Now that he handled the case of individual behavior in a just society from a Rawlsian point of view, he adresses the question of how one ought to act in an unjust society. Specifically how should egalitarians act in an unegalitarian society? This leads to the question posed in the title and Cohen spends the rest of the book examining different justifications for why rich people don't have to spend most of their income on ending inequality.
The book will be of interest mainly to marxists and people interested in contemporary political philosophy.

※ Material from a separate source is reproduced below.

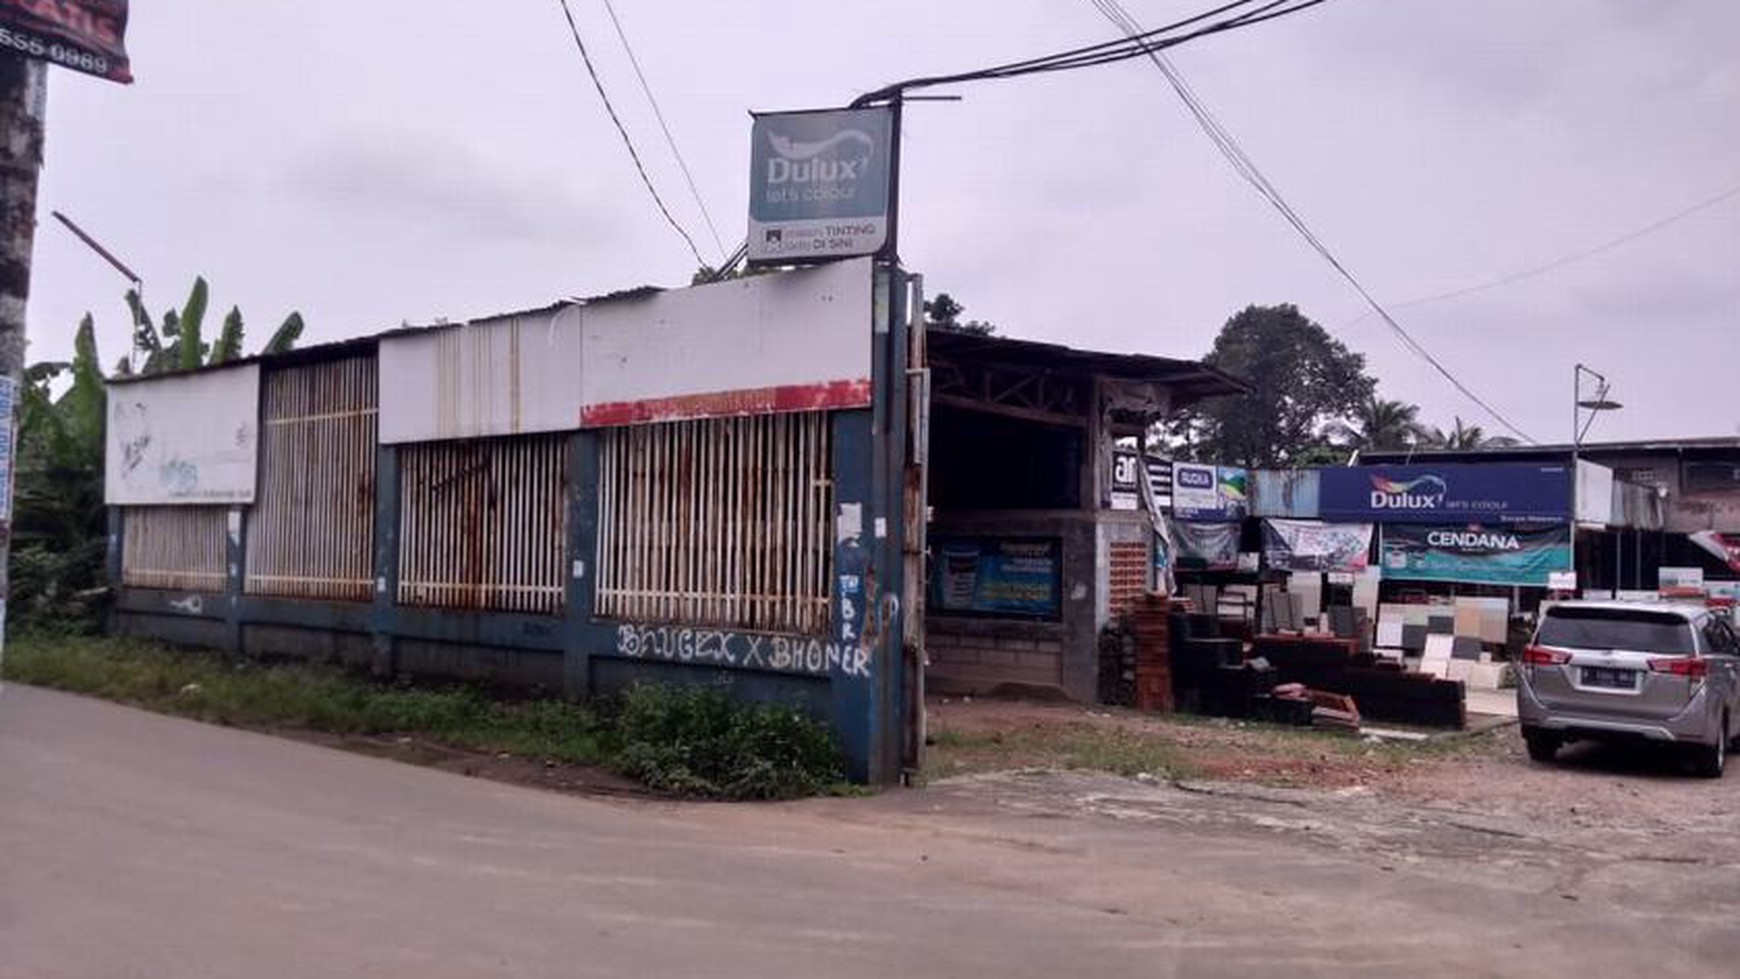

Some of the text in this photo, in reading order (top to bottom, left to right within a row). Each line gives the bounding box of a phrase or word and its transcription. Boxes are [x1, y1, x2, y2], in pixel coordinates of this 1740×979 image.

[767, 158, 857, 184] Dulux
[1371, 491, 1435, 509] Dulux
[1427, 531, 1520, 550] CENDANA
[743, 635, 764, 667] X

The central question comes down to how much people are willing to put their actions and practices where their mouths are, the old cliche of putting one's money where one's mouth is. Cohen elegantly draws the fateful and radical incoherence in the left's incommensurable principles of 1. a just & fair compassionate society and 2. selfish individuals acting in their own interests. Liberals support both by necessity. How do we square these two? How can we demand that society be just economically, that our institutions act altruistically, but on the other hand hold that individuals should be able to act in their own self interest? This is the real dilemma presented by Cohen and I aver that it will take some real time and hard thought to properly answer him on this score. Try turning Ayn Rand into a progressive and you will experience the problem that Cohen presents elegantly in his book. The next book must deal with the implications of all this: do we keep talking like Al Gore but living like the Bushes, or do we give up self interest and create the just society. Liberals want it both ways, Cohen shows they can't have it!